**YOUR GOAL:**
Provide an exact copy of the data, excluding the images.

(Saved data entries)

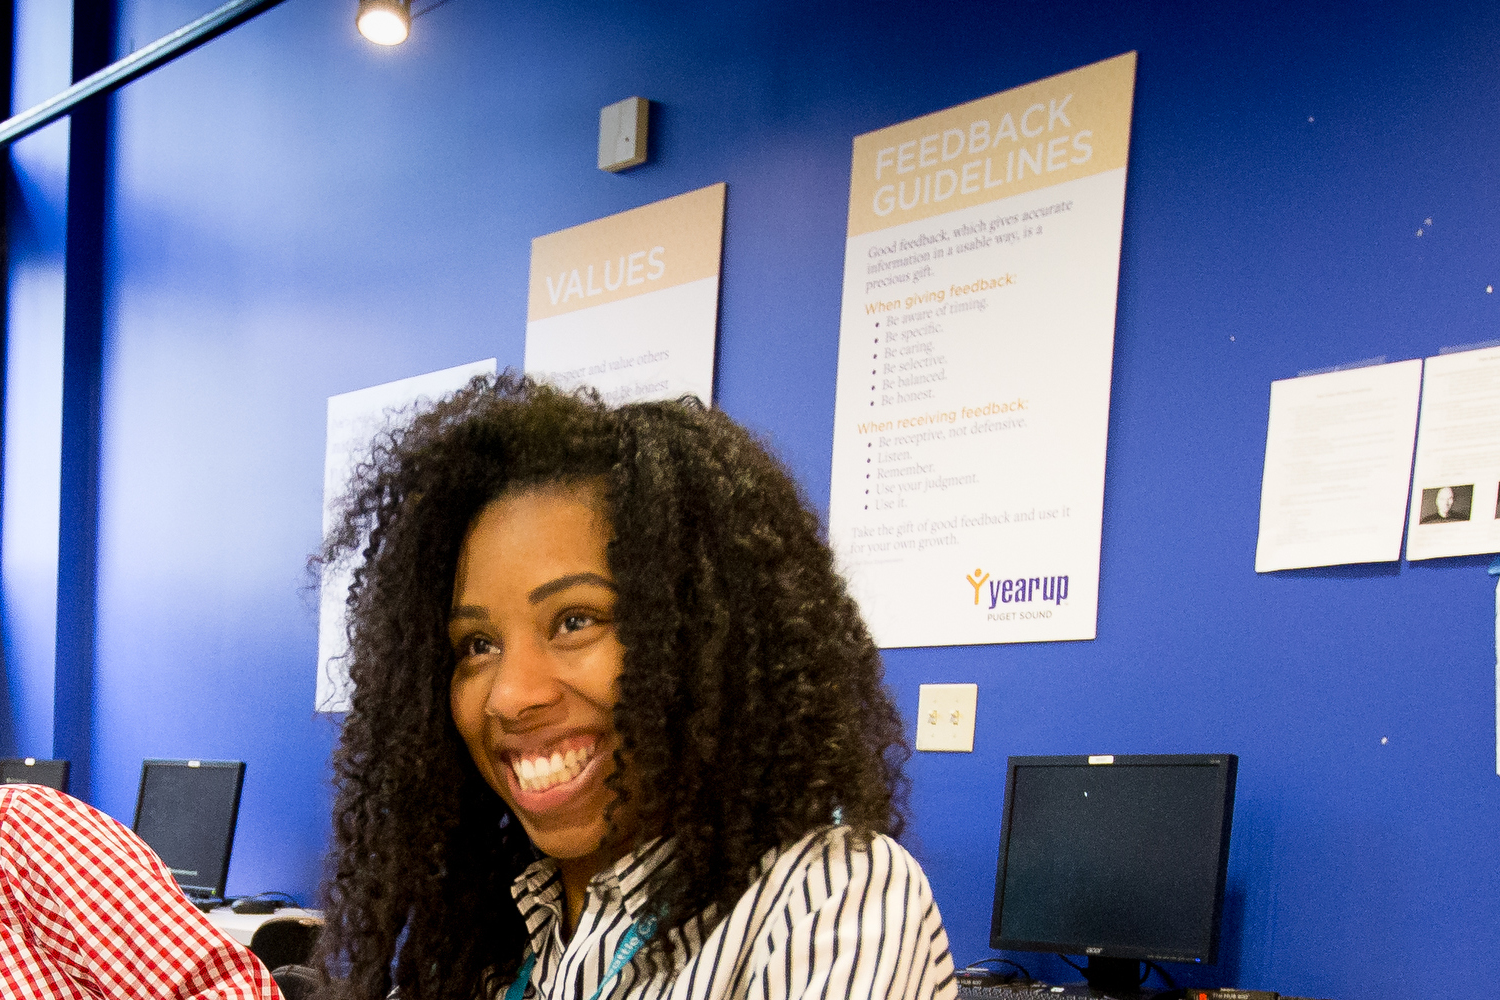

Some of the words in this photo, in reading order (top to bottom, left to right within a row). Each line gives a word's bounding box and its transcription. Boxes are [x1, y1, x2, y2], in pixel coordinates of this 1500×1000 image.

[875, 94, 1073, 180] FEEDBACK
[872, 129, 1093, 217] GUIDELINES
[868, 241, 897, 258] Good
[900, 229, 950, 251] feedback,
[953, 220, 987, 238] which
[989, 214, 1019, 232] gives
[1021, 200, 1074, 221] accurate
[867, 251, 931, 274] information
[933, 247, 944, 259] in
[947, 246, 953, 256] a
[956, 235, 991, 254] usable
[994, 231, 1020, 246] way,
[1022, 226, 1033, 239] is
[1036, 224, 1043, 235] a
[546, 246, 665, 305] VALUES
[865, 272, 911, 294] precious
[912, 264, 935, 284] gift.
[865, 299, 901, 315] When
[905, 289, 945, 309] giving
[950, 273, 1017, 297] feedback:
[886, 315, 899, 327] Be
[901, 310, 933, 324] aware
[935, 302, 949, 316] of
[885, 331, 898, 343] Be
[588, 360, 606, 375] and
[636, 350, 670, 365] others
[884, 347, 897, 359] Be
[883, 362, 896, 375] Be
[882, 378, 895, 390] Be
[881, 394, 894, 406] Be
[857, 420, 893, 435] When
[897, 411, 957, 429] receiving
[961, 398, 1028, 419] feedback:
[878, 435, 891, 448] Be
[949, 426, 967, 438] not
[876, 483, 896, 495] Use
[898, 481, 922, 496] your
[875, 499, 895, 511] Use
[851, 525, 875, 539] Take
[877, 523, 894, 536] the
[896, 520, 914, 538] gift
[917, 518, 930, 532] of
[930, 516, 958, 535] good
[960, 510, 1011, 528] feedback
[1013, 507, 1036, 523] and
[1038, 508, 1059, 520] use
[1062, 505, 1071, 518] it
[849, 541, 864, 554] for
[866, 541, 891, 556] your
[893, 538, 916, 551] own
[918, 533, 960, 552] growth.
[987, 612, 1017, 621] PUGET
[1019, 610, 1053, 620] SOUND
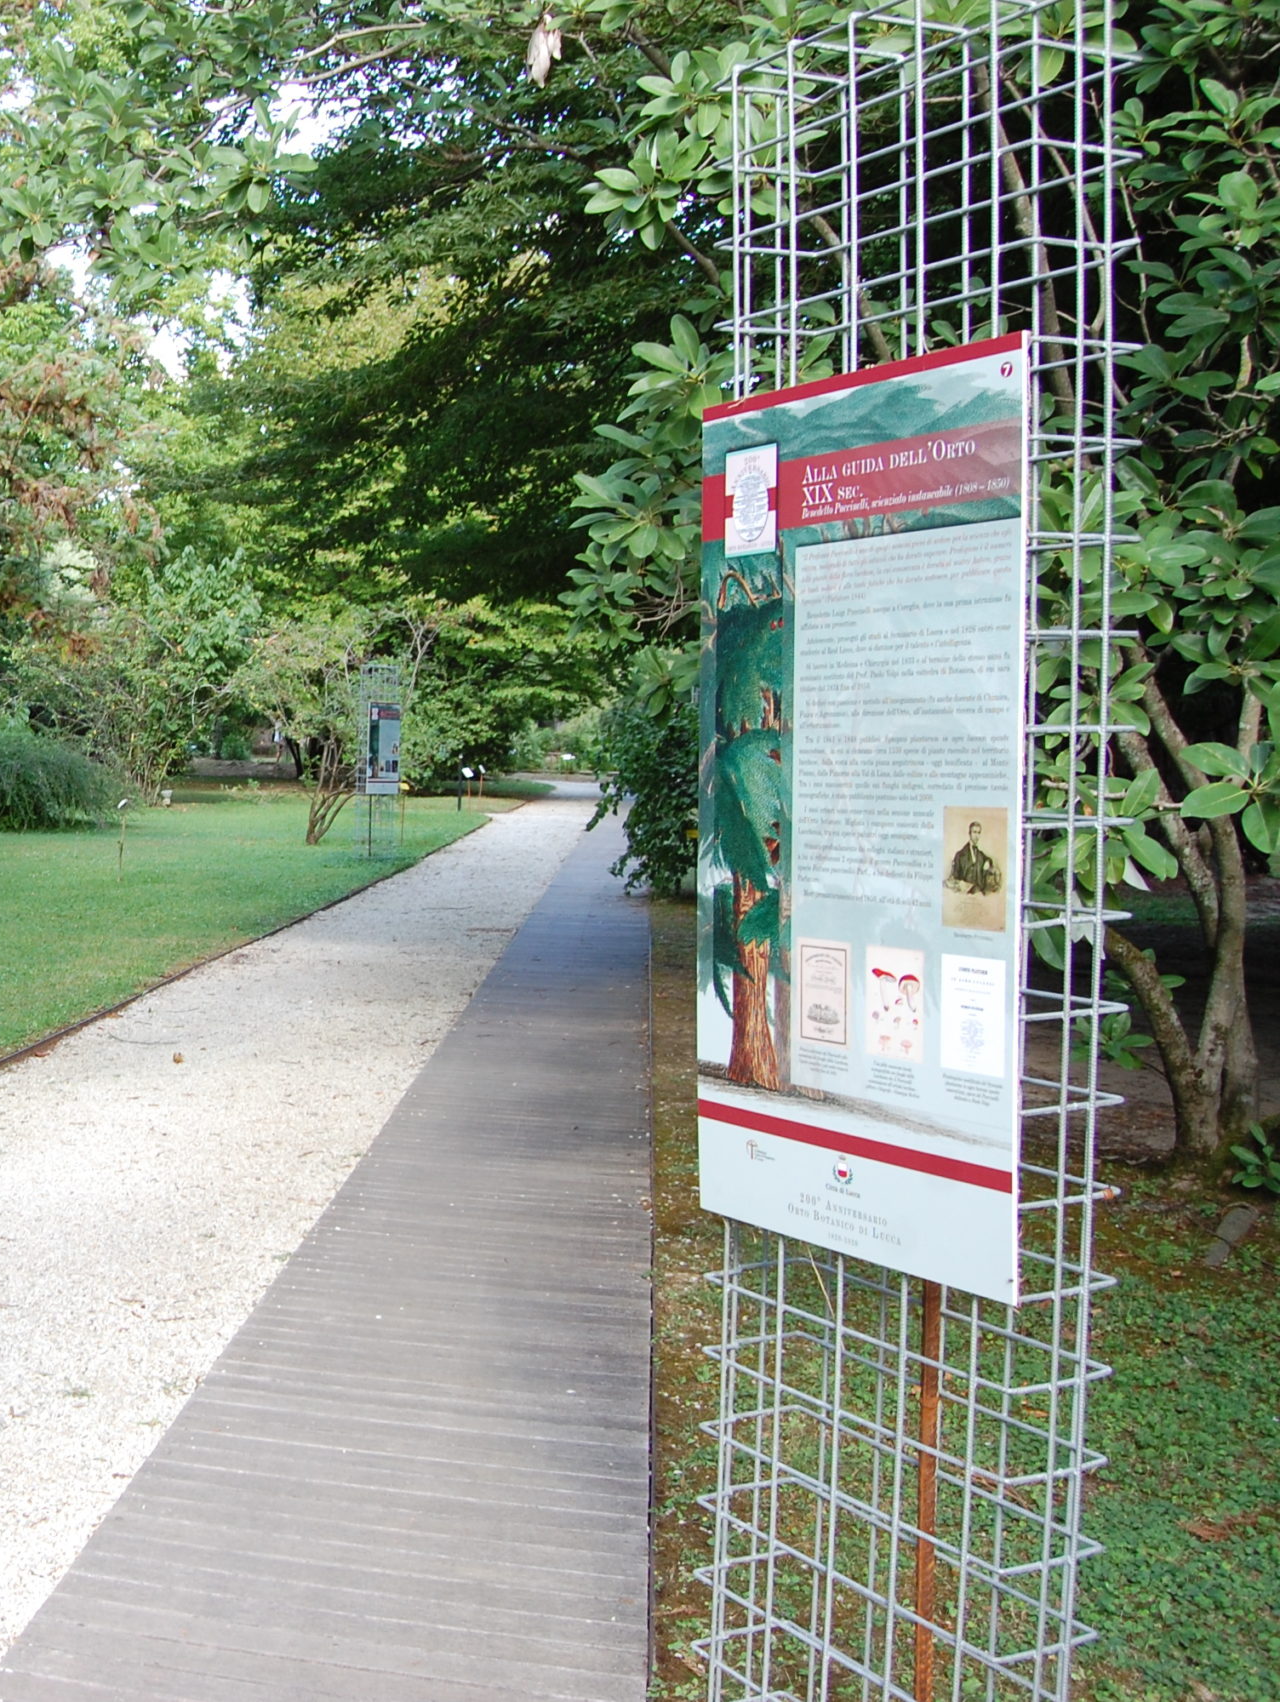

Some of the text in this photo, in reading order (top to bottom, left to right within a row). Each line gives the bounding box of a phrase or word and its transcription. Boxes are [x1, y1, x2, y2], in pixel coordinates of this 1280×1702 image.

[802, 482, 832, 506] XIX
[802, 504, 833, 519] Benedetto
[834, 498, 869, 517] Puccinelli,
[871, 493, 906, 508] scienziato
[908, 485, 951, 502] instancabile
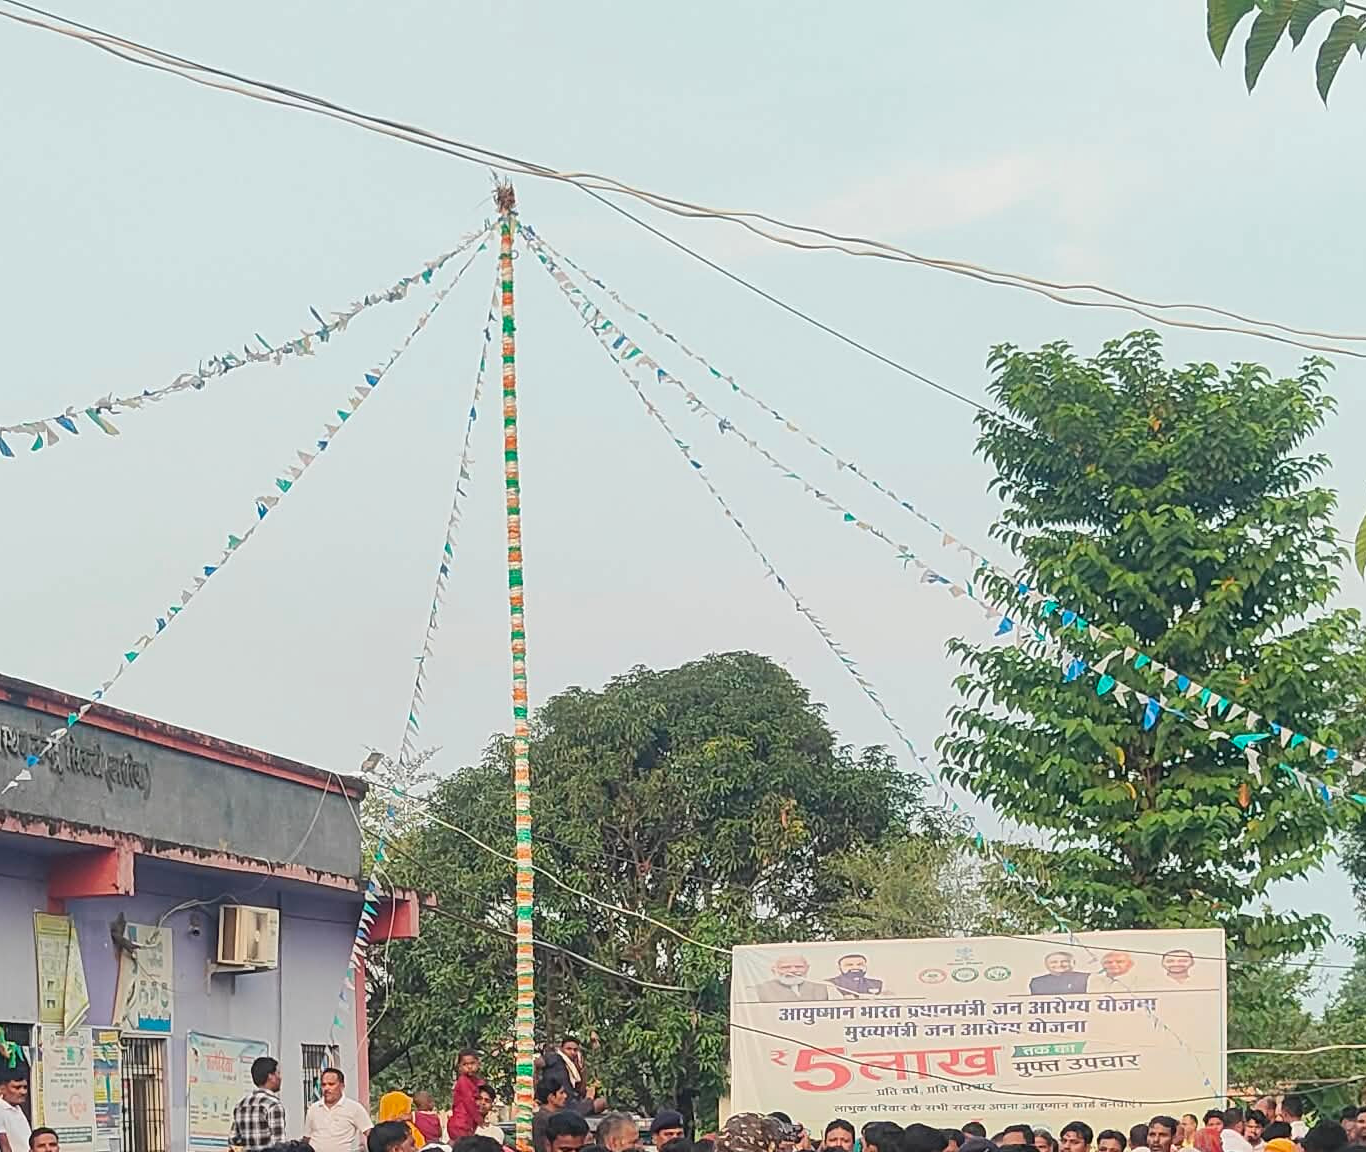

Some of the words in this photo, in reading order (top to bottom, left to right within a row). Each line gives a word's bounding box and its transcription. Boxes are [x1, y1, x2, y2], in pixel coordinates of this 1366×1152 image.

[778, 1006, 855, 1025] आयुष्मान
[859, 1005, 901, 1019] भारत
[906, 1000, 985, 1019] प्रधानमंत्री
[991, 1001, 1024, 1016] जन
[1028, 996, 1091, 1015] आरोग्य
[1096, 995, 1159, 1013] योजना
[844, 1022, 917, 1043] मुख्यमंत्री
[924, 1024, 956, 1038] जन
[960, 1019, 1023, 1036] आरोग्य
[1027, 1018, 1088, 1034] योजना
[1022, 1043, 1050, 1056] तक
[851, 1046, 1003, 1081] लाख
[1012, 1059, 1061, 1078] मुफ्त
[1066, 1054, 1141, 1071] उपचार
[875, 1086, 902, 1097] प्रति
[926, 1084, 952, 1095] प्रति
[869, 1103, 906, 1113] परिवार
[909, 1103, 922, 1113] के
[924, 1103, 949, 1112] सभी
[988, 1103, 1018, 1111] अपना
[1022, 1102, 1069, 1112] आयुष्मान
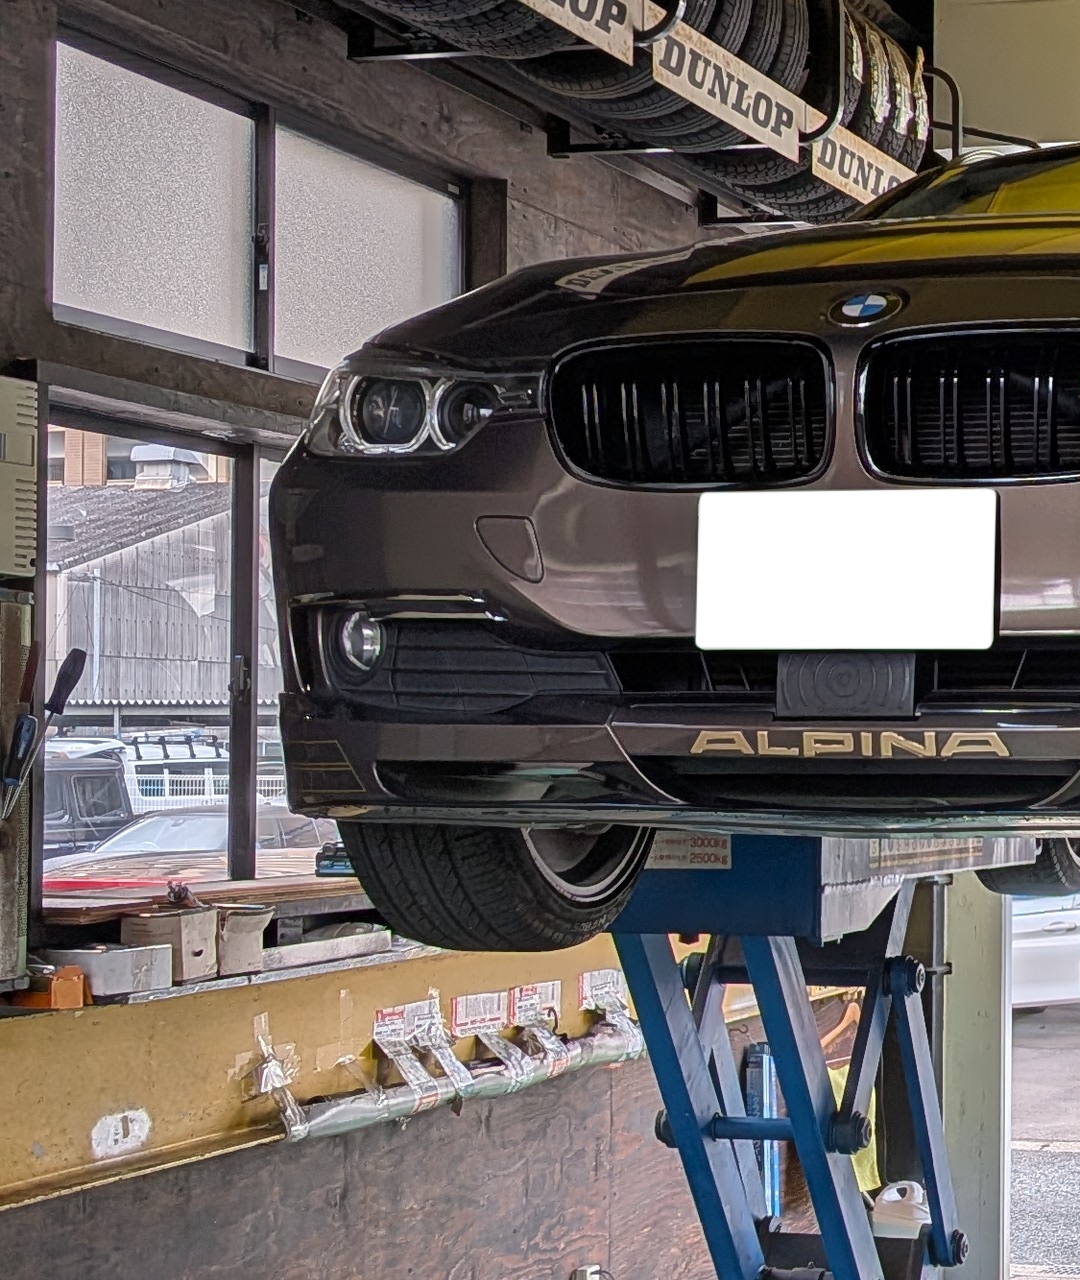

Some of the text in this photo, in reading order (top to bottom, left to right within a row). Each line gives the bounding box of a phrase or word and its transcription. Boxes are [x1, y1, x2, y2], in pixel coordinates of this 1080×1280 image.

[659, 35, 794, 137] DUNLOP
[817, 137, 902, 198] DUNL
[690, 730, 1010, 757] ALPINA
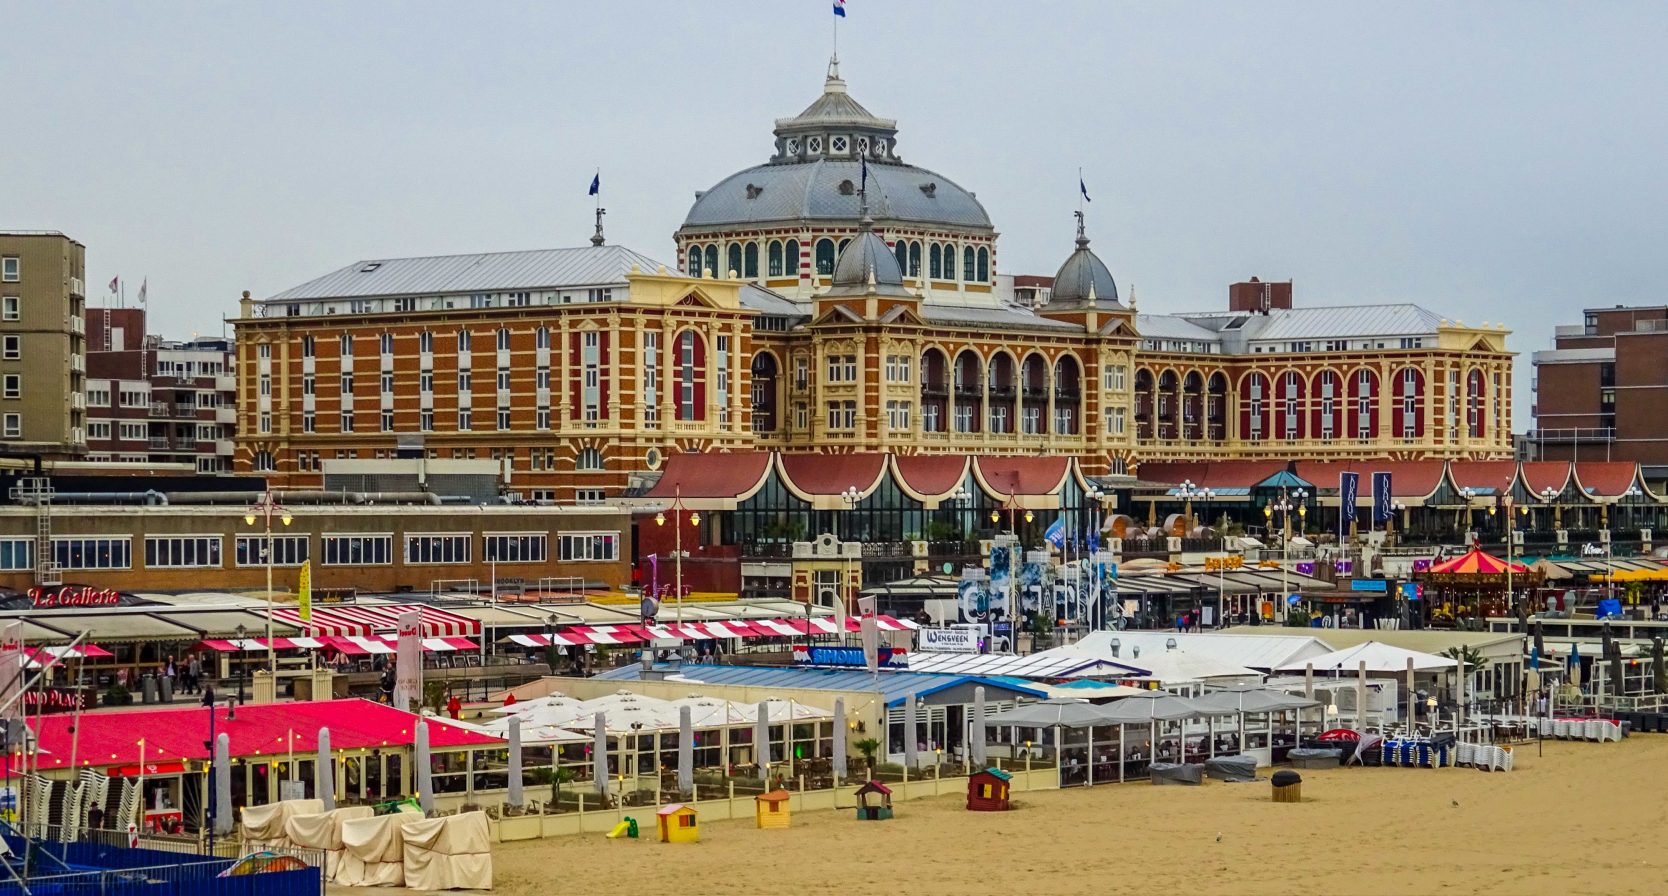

**TASK SOLUTION:**
Some of the words in this photo, in reading order (top to bottom, left to right within a row). Each line gives a word's bounding box and its transcription. Boxes are [x1, y1, x2, y2], in pixel coordinates of this 1500×1000 image.

[875, 94, 1073, 180] FEEDBACK
[872, 129, 1093, 217] GUIDELINES
[868, 241, 897, 258] Good
[900, 229, 950, 251] feedback,
[953, 220, 987, 238] which
[989, 214, 1019, 232] gives
[1021, 200, 1074, 221] accurate
[867, 251, 931, 274] information
[933, 247, 944, 259] in
[947, 246, 953, 256] a
[956, 235, 991, 254] usable
[994, 231, 1020, 246] way,
[1022, 226, 1033, 239] is
[1036, 224, 1043, 235] a
[546, 246, 665, 305] VALUES
[865, 272, 911, 294] precious
[912, 264, 935, 284] gift.
[865, 299, 901, 315] When
[905, 289, 945, 309] giving
[950, 273, 1017, 297] feedback:
[886, 315, 899, 327] Be
[901, 310, 933, 324] aware
[935, 302, 949, 316] of
[885, 331, 898, 343] Be
[588, 360, 606, 375] and
[636, 350, 670, 365] others
[884, 347, 897, 359] Be
[883, 362, 896, 375] Be
[882, 378, 895, 390] Be
[881, 394, 894, 406] Be
[857, 420, 893, 435] When
[897, 411, 957, 429] receiving
[961, 398, 1028, 419] feedback:
[878, 435, 891, 448] Be
[949, 426, 967, 438] not
[876, 483, 896, 495] Use
[898, 481, 922, 496] your
[875, 499, 895, 511] Use
[851, 525, 875, 539] Take
[877, 523, 894, 536] the
[896, 520, 914, 538] gift
[917, 518, 930, 532] of
[930, 516, 958, 535] good
[960, 510, 1011, 528] feedback
[1013, 507, 1036, 523] and
[1038, 508, 1059, 520] use
[1062, 505, 1071, 518] it
[849, 541, 864, 554] for
[866, 541, 891, 556] your
[893, 538, 916, 551] own
[918, 533, 960, 552] growth.
[987, 612, 1017, 621] PUGET
[1019, 610, 1053, 620] SOUND

Some of the text in this photo, in reading order (top to bottom, left to right within a row). Each line gives the bounding box of a phrase or word and its transcription. Boxes are [x1, y1, x2, y2], in pixel coordinates of this 1280×1702 image.

[802, 482, 832, 506] XIX
[802, 504, 833, 519] Benedetto
[834, 498, 869, 517] Puccinelli,
[871, 493, 906, 508] scienziato
[908, 485, 951, 502] instancabile

Some of the words in this photo, in reading order (top to bottom, left to right within a row). Each line gives a word's bounding box and its transcription. Boxes are [x1, y1, x2, y2], in pixel coordinates of this 1366×1152 image.

[778, 1006, 855, 1025] आयुष्मान
[859, 1005, 901, 1019] भारत
[906, 1000, 985, 1019] प्रधानमंत्री
[991, 1001, 1024, 1016] जन
[1028, 996, 1091, 1015] आरोग्य
[1096, 995, 1159, 1013] योजना
[844, 1022, 917, 1043] मुख्यमंत्री
[924, 1024, 956, 1038] जन
[960, 1019, 1023, 1036] आरोग्य
[1027, 1018, 1088, 1034] योजना
[1022, 1043, 1050, 1056] तक
[851, 1046, 1003, 1081] लाख
[1012, 1059, 1061, 1078] मुफ्त
[1066, 1054, 1141, 1071] उपचार
[875, 1086, 902, 1097] प्रति
[926, 1084, 952, 1095] प्रति
[869, 1103, 906, 1113] परिवार
[909, 1103, 922, 1113] के
[924, 1103, 949, 1112] सभी
[988, 1103, 1018, 1111] अपना
[1022, 1102, 1069, 1112] आयुष्मान

Some of the text in this photo, in reading order (top to bottom, left to right within a row). Each line gives the bounding box of a phrase or word and its transcription. Boxes are [x1, y1, x2, y2], in pixel coordinates of this 1080×1280 image.

[659, 35, 794, 137] DUNLOP
[817, 137, 902, 198] DUNL
[690, 730, 1010, 757] ALPINA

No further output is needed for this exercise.